A gentle introduction to ML fairness metrics

Fairness metrics are crucial to how companies using AI measure their risk exposure to ML decision-making bias and AI compliance regulations to which they must adhere. While fairness and bias are very much in the eye of the beholder, the fairness metrics they rely on are pure math. Understanding the nuances of these fairness metrics is essential, as you must ensure that the metrics you monitor are aligned with the bias and regulatory risks your business is exposed to.

In this post, we will cover some common fairness metrics and their mathematical representations and explain the logic behind each to provide context on the suitability between fairness metrics and use cases. 

Basic fairness metric terminology

Before diving into the metrics, let’s align on some basic terminology and definitions commonly used under the bias and fairness context.

  • Sensitive attribute: a.k.a. A “Protected field” is an attribute that may need to comply with a particular fairness metric. It’s important to note that not all attributes are sensitive by definition. Depending on the use case, only a certain subset of attributes with special consideration (legal, ethical, social, or personal) may be considered as such. For example, US federal law protects individuals from discrimination or harassment based on the following nine protected classes: sex (including sexual orientation and gender identity), race, age, disability, color, creed, national origin, religion, or genetic information (added in 2008). 
  • Proxy attribute: This means attributes that correlate to a sensitive attribute. For example, let’s assume that for a specific use case, race and ethnicity are sensitive attributes. The dataset may also contain highly correlated fields for these two. For example, an individual’s postal code might be highly correlated with them, making it a proxy attribute to the sensitive attribute value. 
  • Parity: A parity measure is a simple observational criterion that requires the evaluation metrics to be independent of the salient group 𝐴. Such measures are static and don’t take changing populations into account. If a parity criterion is satisfied, it does not mean that the algorithm is fair. These criteria are reasonable for surfacing potential inequities and are particularly useful in monitoring live decision-making systems (Source: Fairness and Algorithmic Decision Making).
  • Confusion matrix: Fairness metrics are most commonly applied to classification use cases. One should be familiar with the basics of a confusion matrix to understand the basic mathematics behind the most common fairness metrics. In a binary classification case, we will refer to one of the predicted classes as “Positive” while the other will be “Negative.” Given this configuration, common performance metrics can be derived. To generalize for a multiclass classification use case, we refer to the sensitive class (meaning a specific value out of the possible classification classes) as positive, while all others are negative.
Confusion matrix, Wikipedia
Confusion matrix, Wikipedia

To view the complete list of possible metrics, see here.

Setup & notation

To illustrate fairness metrics in practice, we will use two real-life use cases of a loan approval process and an additional use case where the model attempts to predict the likelihood of an individual being convicted of criminal activity and sent to jail. A binary classification model predicts if we should give a positive answer, i.e., loan approval/going to jail, and the protected attribute, for our examples, will be gender.
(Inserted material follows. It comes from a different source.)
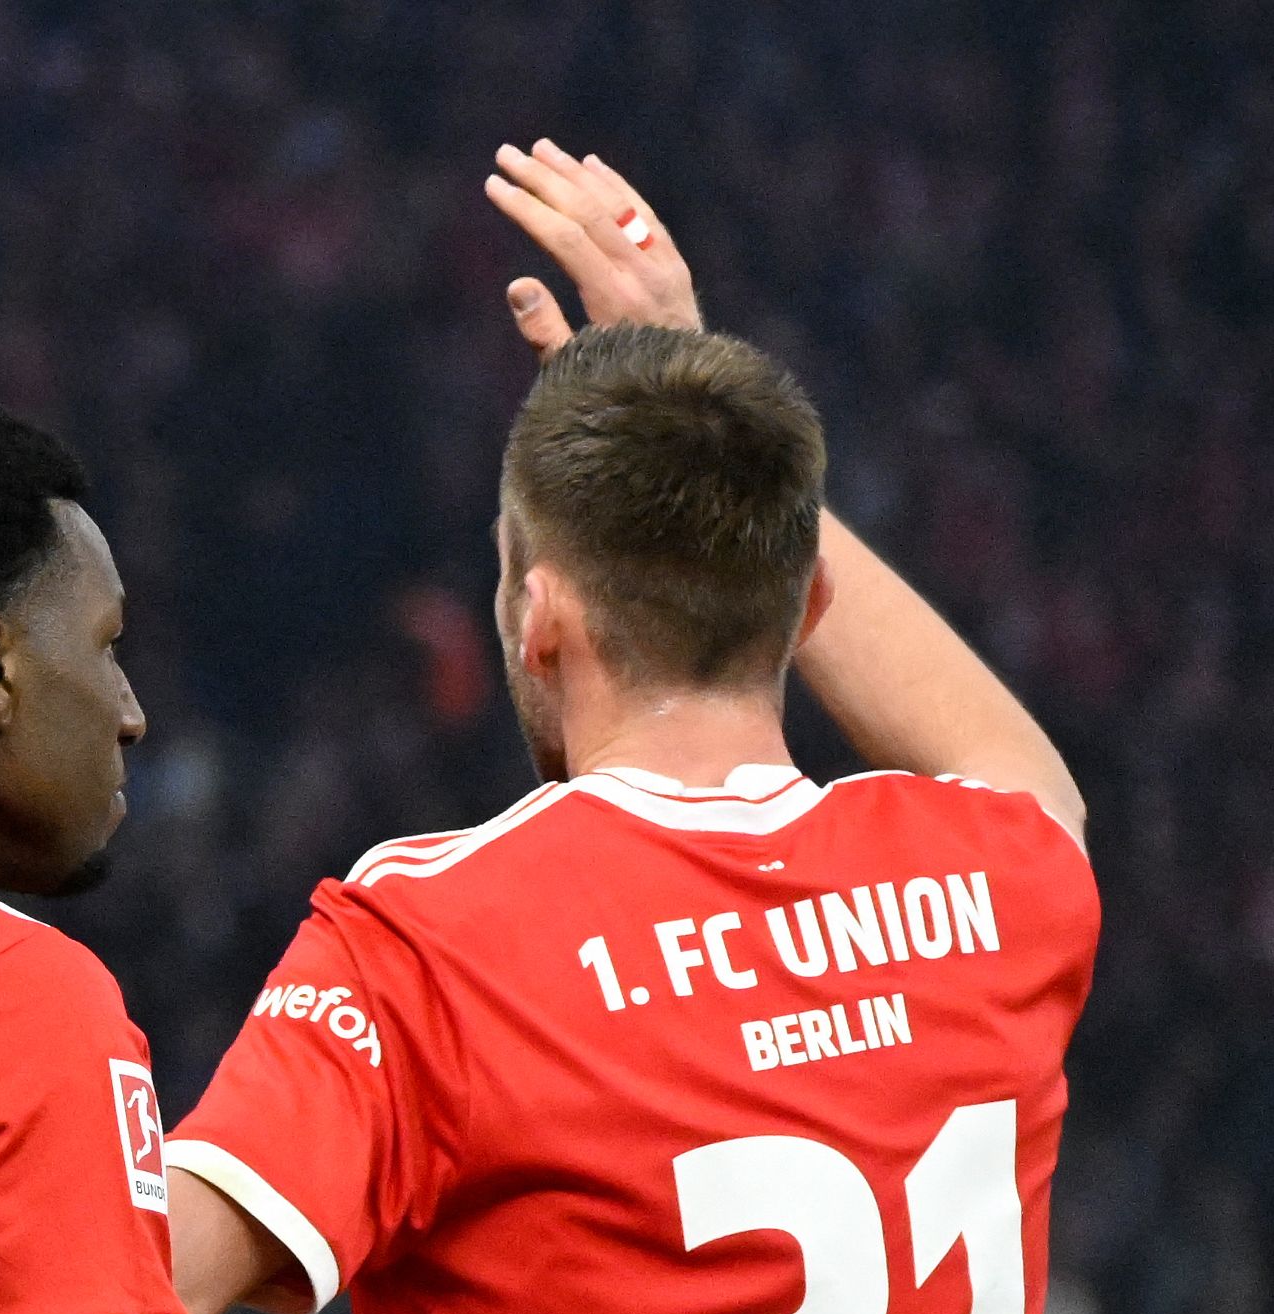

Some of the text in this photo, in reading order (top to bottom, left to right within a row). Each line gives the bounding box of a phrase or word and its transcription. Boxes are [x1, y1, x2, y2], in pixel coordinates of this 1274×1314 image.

[577, 871, 1001, 1012] 1. FC UNION
[252, 983, 382, 1068] wefox
[740, 992, 913, 1072] BERLIN
Given this setup, we will use the following notation:

A – possible values of the sensitive attributes.

R – the output/prediction of the algorithm.

Y – the ground truth.

The graph illustrations of each example show the threshold of positive model outputs for each group, where every output above the threshold will indicate a positive outcome.

Metric 1: Group unawareness

Group unawareness means that we don’t want the gender of a person to impact in any way our decision to approve or reject a loan. In simple, intuitive words, we don’t want the model the “use” gender as an attribute. So if no requests from women make it into the pool of approved requests, that’s fair so long as requests are chosen purely based on non-sensitive attributes.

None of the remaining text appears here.